The Mixed Signals in #Jokowi's Second Cabinet Flip

While the chief objective of the latest Cabinet shake-up was to accommodate the demands of political parties in his ruling coalition, especially the Golkar and National Mandate (PAN) parties, which only recently joined his government, many view the reshuffle as an effort by Jokowi to bring order to his Cabinet. 
The dismissals of outgoing coordinating maritime affairs minister Rizal Ramli, energy and mineral resources minister Sudirman Said and transportation minister Ignasius Jonan have been seen as punishment for their penchant for publicly airing their policy disagreements and making controversial statements.

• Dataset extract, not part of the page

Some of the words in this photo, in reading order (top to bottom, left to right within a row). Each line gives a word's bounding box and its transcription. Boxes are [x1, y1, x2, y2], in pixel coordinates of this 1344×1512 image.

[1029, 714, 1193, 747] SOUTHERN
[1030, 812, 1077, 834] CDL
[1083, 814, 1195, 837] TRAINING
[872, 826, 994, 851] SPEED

... professional technocratic ministers with no allegiances to any political parties were the big losers in this reshuffle. The removal of Ignatius Jonan and Anies Baswedan from the cabinet and the demotion of Bambang Brodjonegoro and Thomas Lembong signalled that short-term political considerations mattered more in policymaking than policy reforms.
Ministers who tried to push for serious reforms within their ministries and unshackle them from the influence of vested economic interests were seen as ‘trouble-makers’ to be targeted for reshuffle. While some of them were replaced by other professionals with impeccable records, such as Sri Mulyani, the replacement of the technocrats could be read negatively by investors and affect Indonesia’s economic growth and investment outlook.

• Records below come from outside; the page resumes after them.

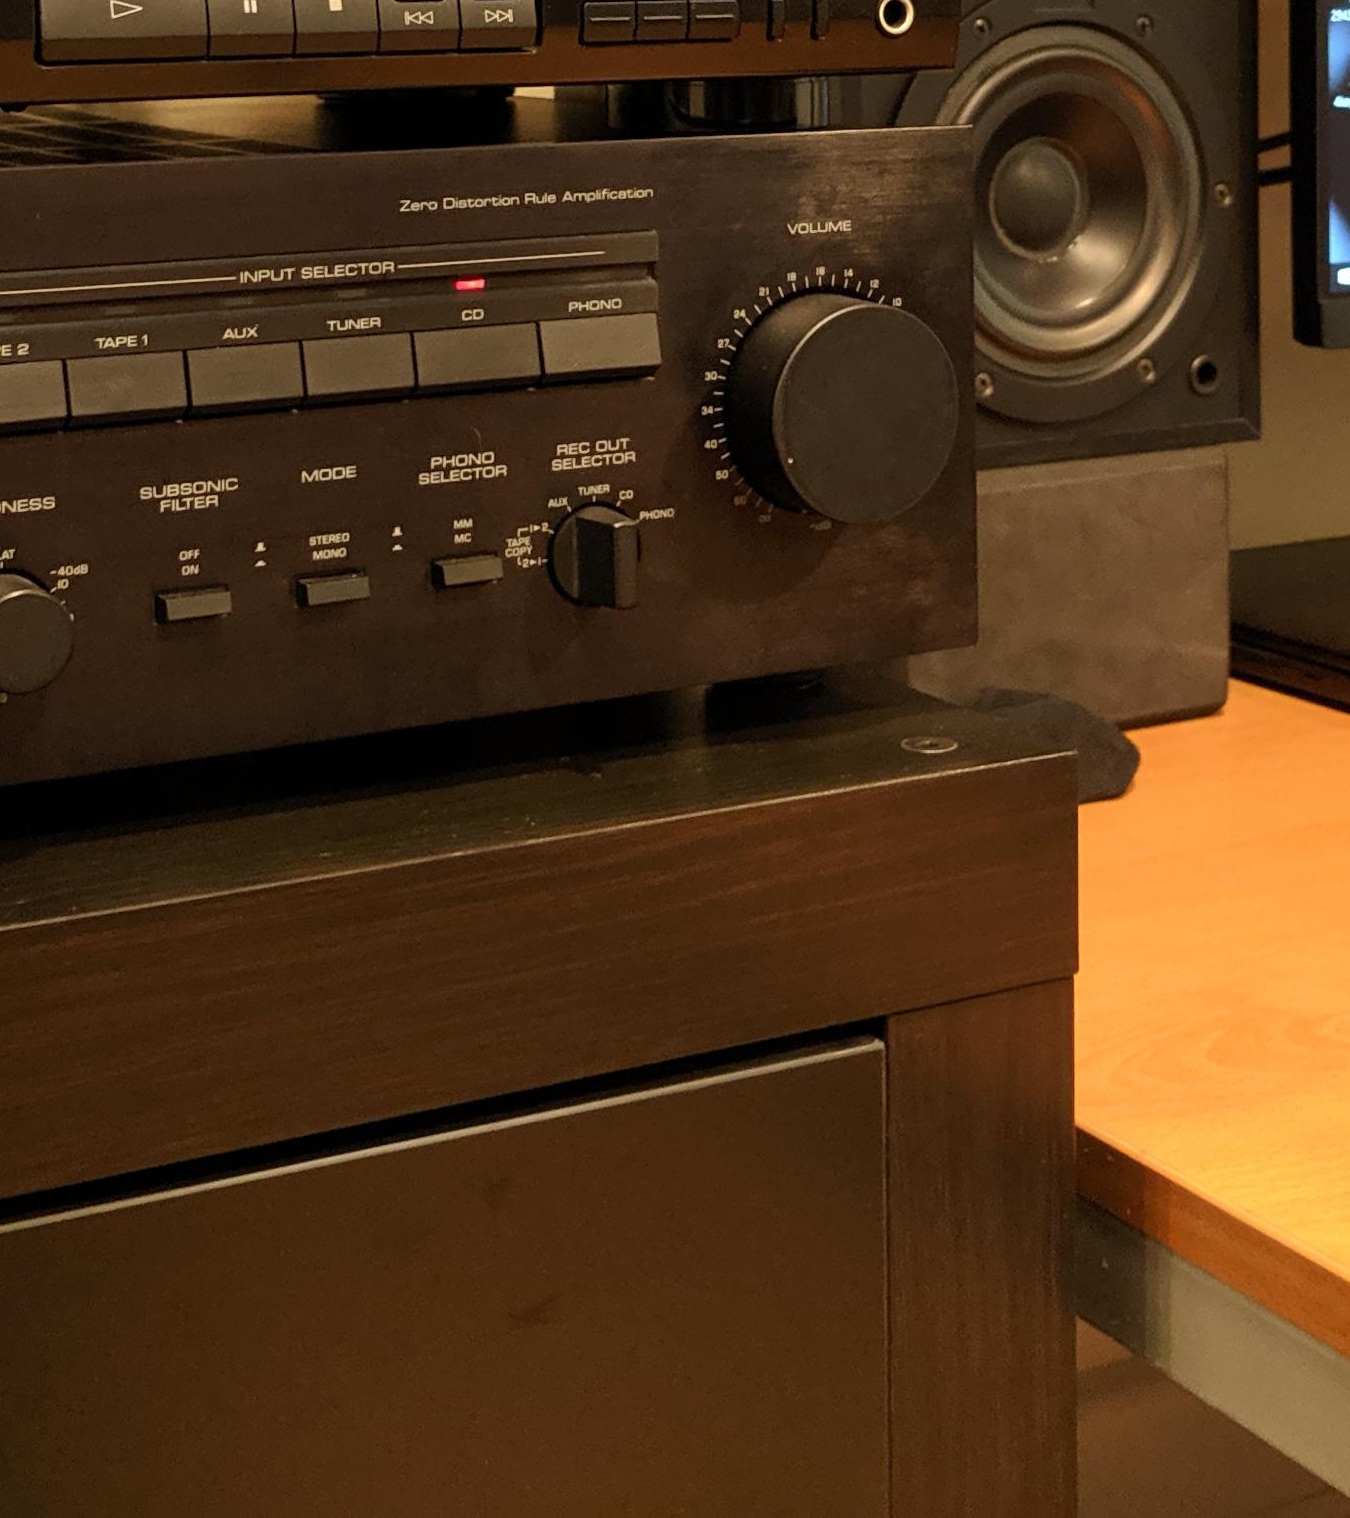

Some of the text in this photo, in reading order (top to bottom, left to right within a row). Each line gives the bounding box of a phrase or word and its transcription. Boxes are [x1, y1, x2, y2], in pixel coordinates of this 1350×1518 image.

[399, 186, 654, 213] Zero Distortion Rule Amplification
[787, 220, 852, 235] VOLUME
[239, 261, 395, 285] INPUT SELECTOR
[568, 297, 623, 312] PHONO
[461, 308, 484, 321] CD
[327, 316, 382, 332] TUNER
[222, 324, 259, 340] AUX
[16, 343, 30, 356] 2
[95, 336, 137, 350] TAPE
[556, 438, 631, 457] REC OUT
[430, 450, 496, 470] PHONO
[551, 450, 636, 472] SELECTOR
[301, 465, 357, 483] MODE
[418, 464, 507, 485] SELECTOR
[139, 478, 239, 500] SUBSONIC
[578, 484, 610, 496] TUNER
[619, 490, 633, 500] CD
[160, 494, 219, 513] FILTER
[548, 497, 568, 508] AUX
[639, 508, 675, 520] PHONO
[453, 518, 473, 529] MM
[309, 532, 350, 546] STEREO
[454, 533, 472, 544] MC
[505, 536, 531, 548] TAPE
[179, 549, 200, 562] OFF
[312, 547, 347, 560] MONO
[505, 545, 532, 558] COPY
[182, 563, 199, 576] ON

Some observers said Mr Wiranto's appointment may be President Joko Widodo sending a message to domestic militants that he will get tough on extremism. Others say the post was a reward for Hanura's support during his presidential campaign, ..."Either way, Wiranto will have to show that he has what it takes to be what is regarded as the most powerful ministerial position in Cabinet, and it will not be easy when he has to fend off detractors going after his human rights record..." 
"I know that the President's highest priority is the ongoing reform programmes, and Sri Mulyani's return will increase confidence in Indonesia's performance and will be highly important for promoting transparency," said Mr Kim. A priority for her would be to ensure Mr Joko's tax amnesty programme delivers the billions in revenue he had promised... Experts such as Centre for Strategic and International Studies economist Yose Rizal Damuri are optimistic that she can make the amnesty work, having successfully led a similar tax plan from 2008 to 2009...

The market responded positively to Mulyani’s appointment. Nevertheless, the great expectations of Mulyani have distorted the issue of the political horse-trading that shaped the new cabinet. To make way for Golkar and PAN in the cabinet, Jokowi sacked two Hanura ministers. To compensate for this, Jokowi gave Wiranto a seat in the cabinet, despite protestations from human rights groups. 
Jokowi left untouched cabinet posts held by representatives of the Indonesia Democratic Party of Struggle (PDI-P) regardless of their performance. 
By granting ministerial positions to party representatives, Jokowi gives these parties political incentives to continue supporting his administration in the parliament. 
With the addition of Golkar and PAN, Jokowi now has support from 69% of the members of parliament. Before the two parties aligned themselves with Jokowi’s coalition, he had only 46.5% support from the parliament. 
This shows that in Indonesian politics being part of the opposition is merely a strategy of political elites to increase their bargaining power.